I was also able to have a very informative and positive meeting with Ts. Sukhtulga (Chief of Administration and International Affairs) to discuss possibilities for cooperation with Rutgers University.  An article (in Mongolian) about my visit appeared here.  I really regretted not having more time to spend here!

MUST_logo_20130530082631

 

 

Mongolian University of Science and Technology

My final talk on Friday, May 11 was at the Mongolian University of Science and Technology (Шинжлэх Ухаан, Технологийн Их Сургууль), where I spoke on Big Data, Reproducible Research, and Data Visualization, hitting highlights from my earlier presentations during the week.

 

This slideshow requires JavaScript.

Approximately 40 faculty and students from MUST’s School of Business Administration and Humanities attended.  Once again, the audience was attentive and questioning up until the end, even though the talk was held late on Friday afternoon.  I was very impressed by the curiosity and dedication of the Mongolian academic community here, and throughout my trip.

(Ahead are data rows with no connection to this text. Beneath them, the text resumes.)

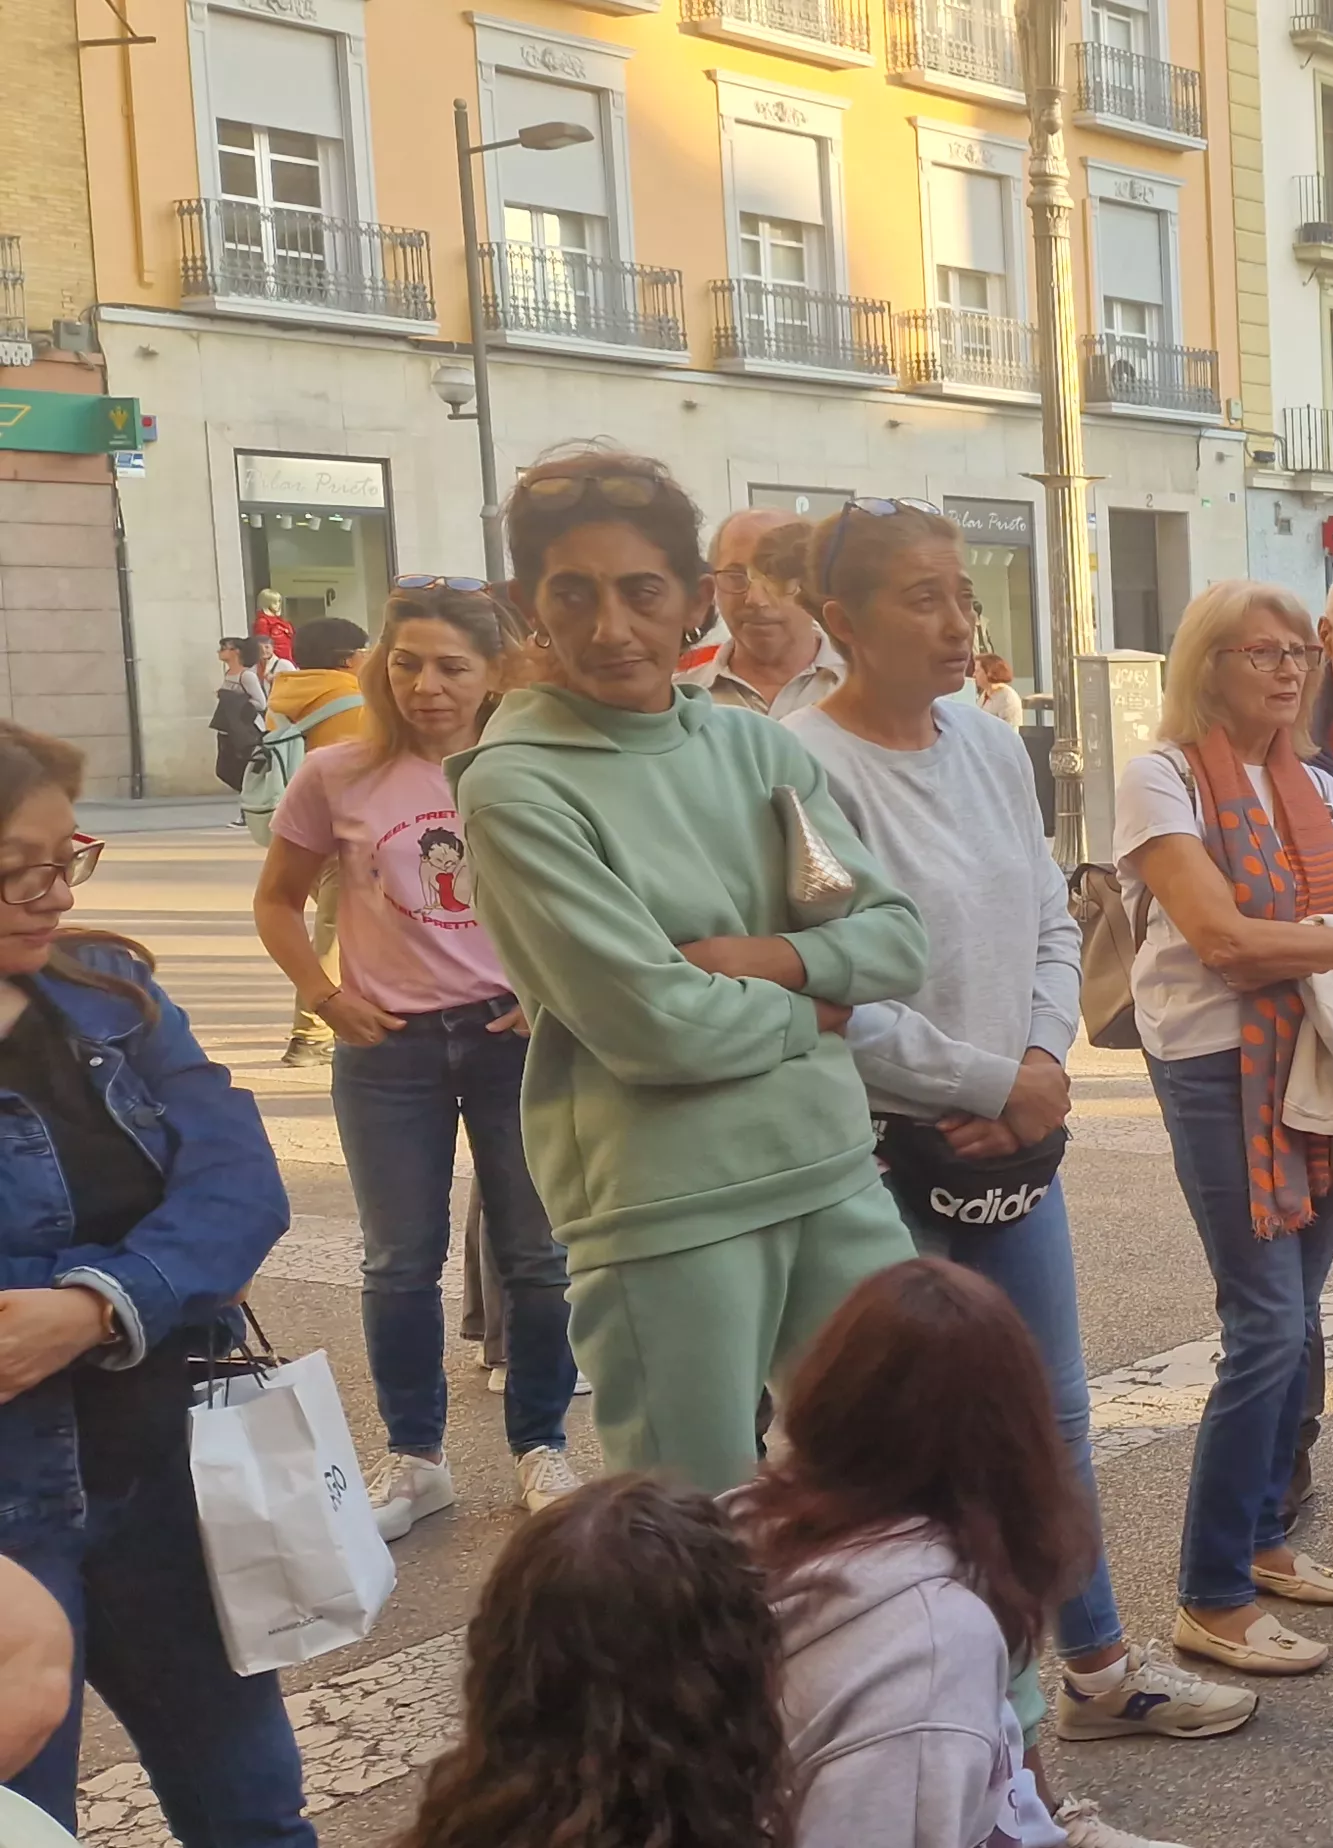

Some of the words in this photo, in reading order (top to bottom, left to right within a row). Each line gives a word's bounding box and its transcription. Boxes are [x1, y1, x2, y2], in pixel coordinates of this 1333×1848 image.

[244, 468, 305, 491] Pilar
[315, 472, 378, 496] Prieto
[948, 509, 983, 530] Pilar
[988, 512, 1027, 532] Prieto
[415, 810, 459, 823] PRET
[929, 1183, 1049, 1224] adida
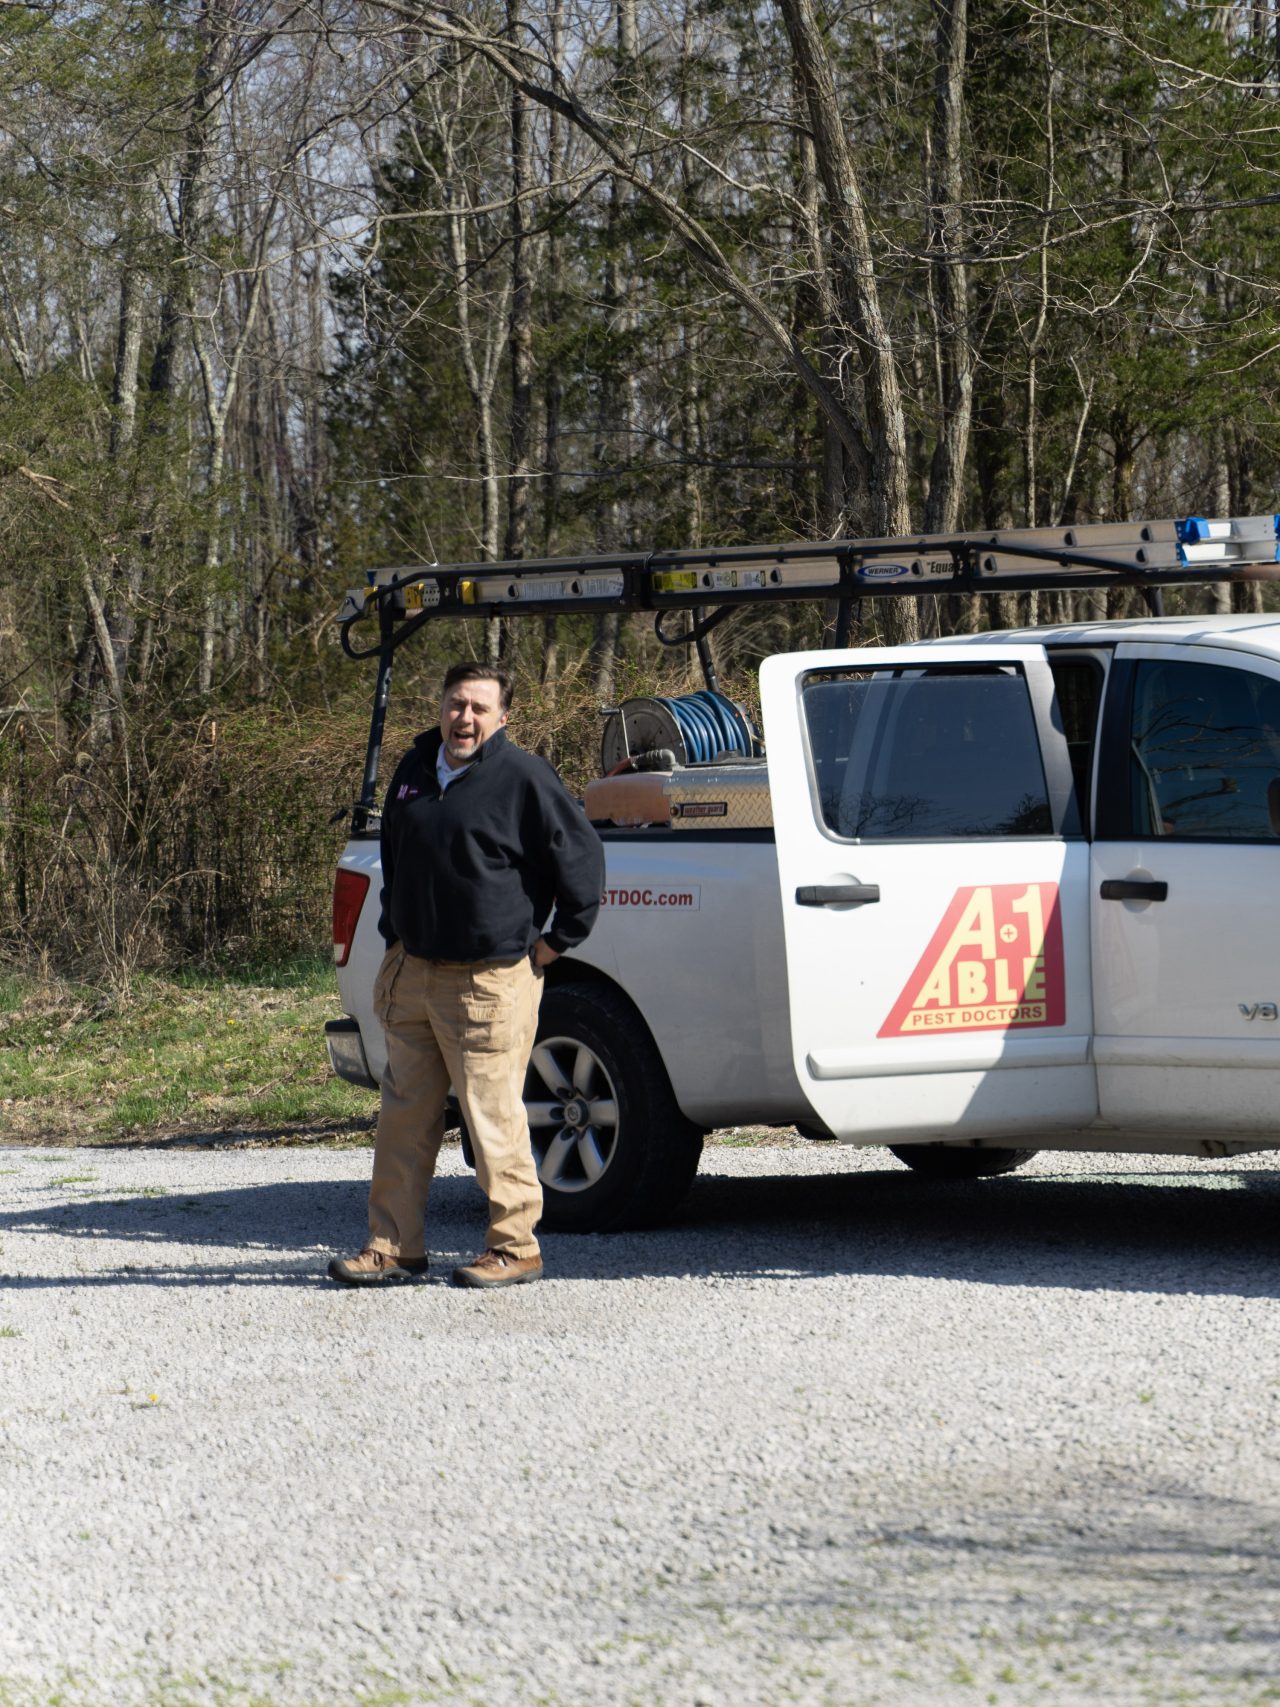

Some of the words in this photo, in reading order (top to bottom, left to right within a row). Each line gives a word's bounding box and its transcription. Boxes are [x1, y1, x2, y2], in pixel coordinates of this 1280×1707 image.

[868, 567, 899, 575] WERNER
[912, 957, 1046, 1008] ABLE
[912, 1011, 956, 1026] PEST
[962, 1005, 1043, 1023] DOCTORS
[1238, 1001, 1278, 1021] V8
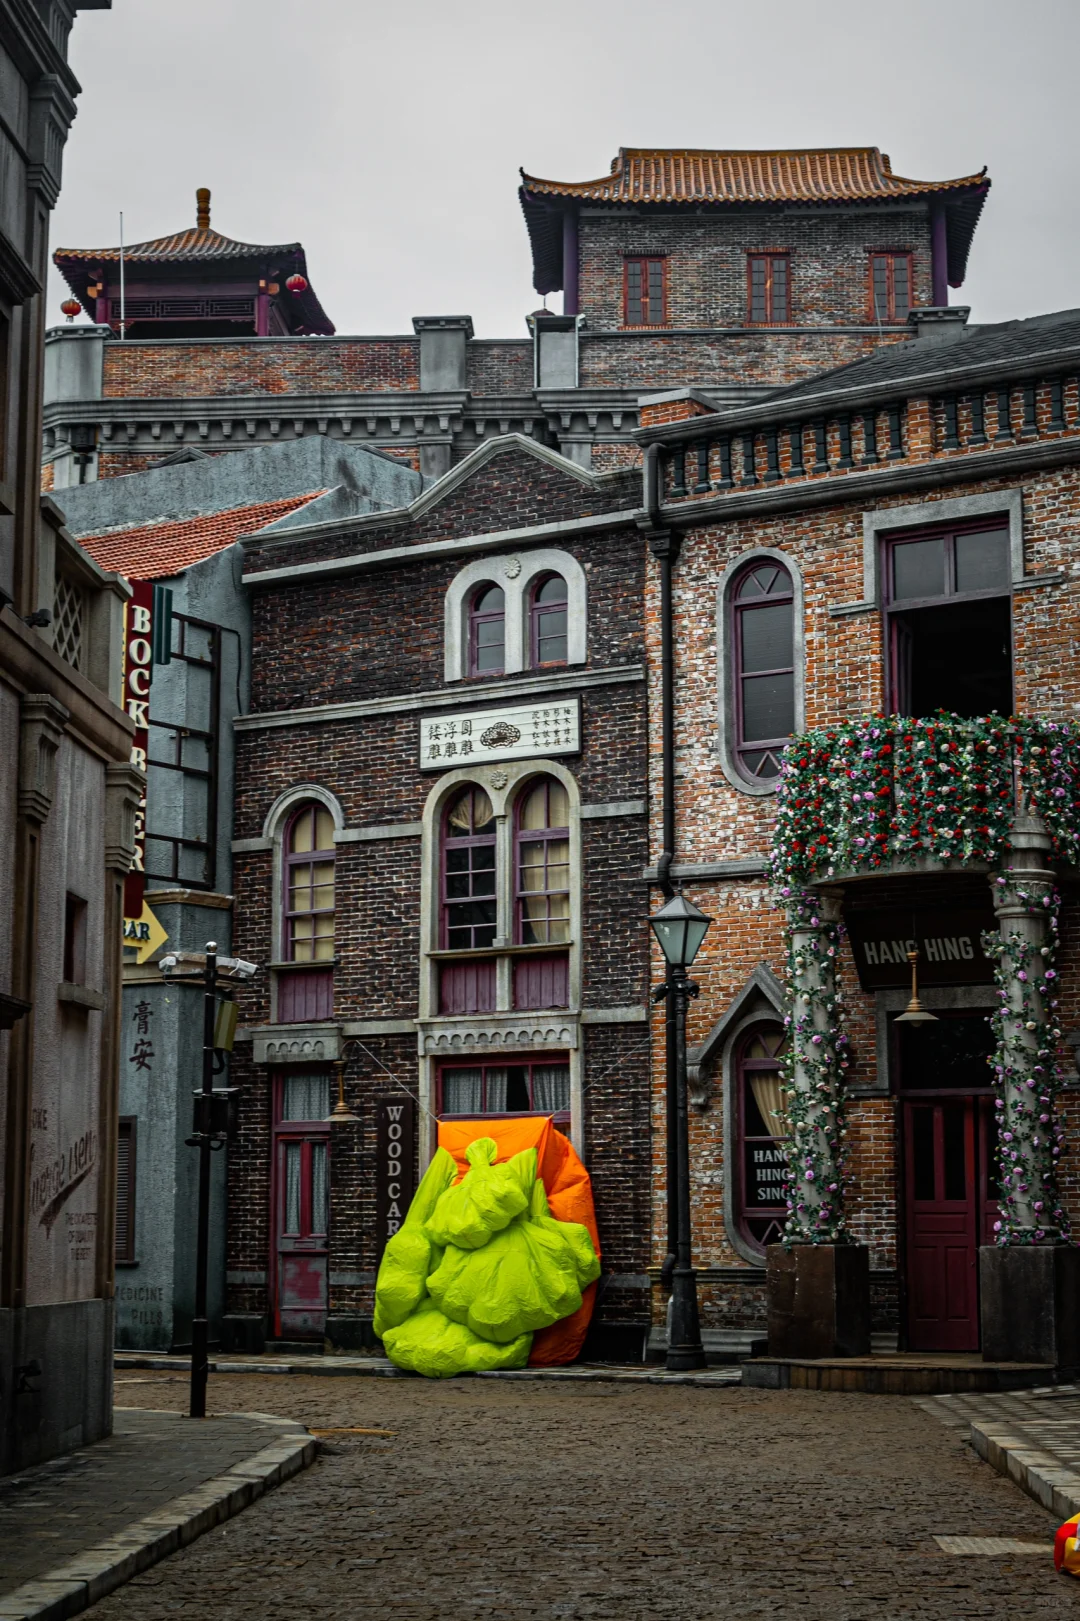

At MUST, I would like to thank J. Oyuntungalag (Professor of Technology Management) for arranging the talk.  I also enjoyed a good meeting with U. Batbaatar and P. Jargaltuya of the Office of International Affairs and Cooperation.

On Friday, I was also able to spend some time at the Mongolian Marketing Consulting Group‘s offices to learn more about how they conduct polling, market research, and other data collection, thanks to the hospitality of Ch. Davaasuren.

It was such a memorable and rewarding experience that I must continue to thank those who made it possible, once again Ch. Davaasuren who helped throughout the week, and especially to M. Bayarmaa who worked tirelessly to organize many aspects of the week’s events and behind the scenes to keep things running smoothly.

I can only hope that this is the start of a long and productive collaboration with the Mongolian data world.

Би цагийг гайхалтай сайхан өнгөрөөсөн! (I had a glorious time!)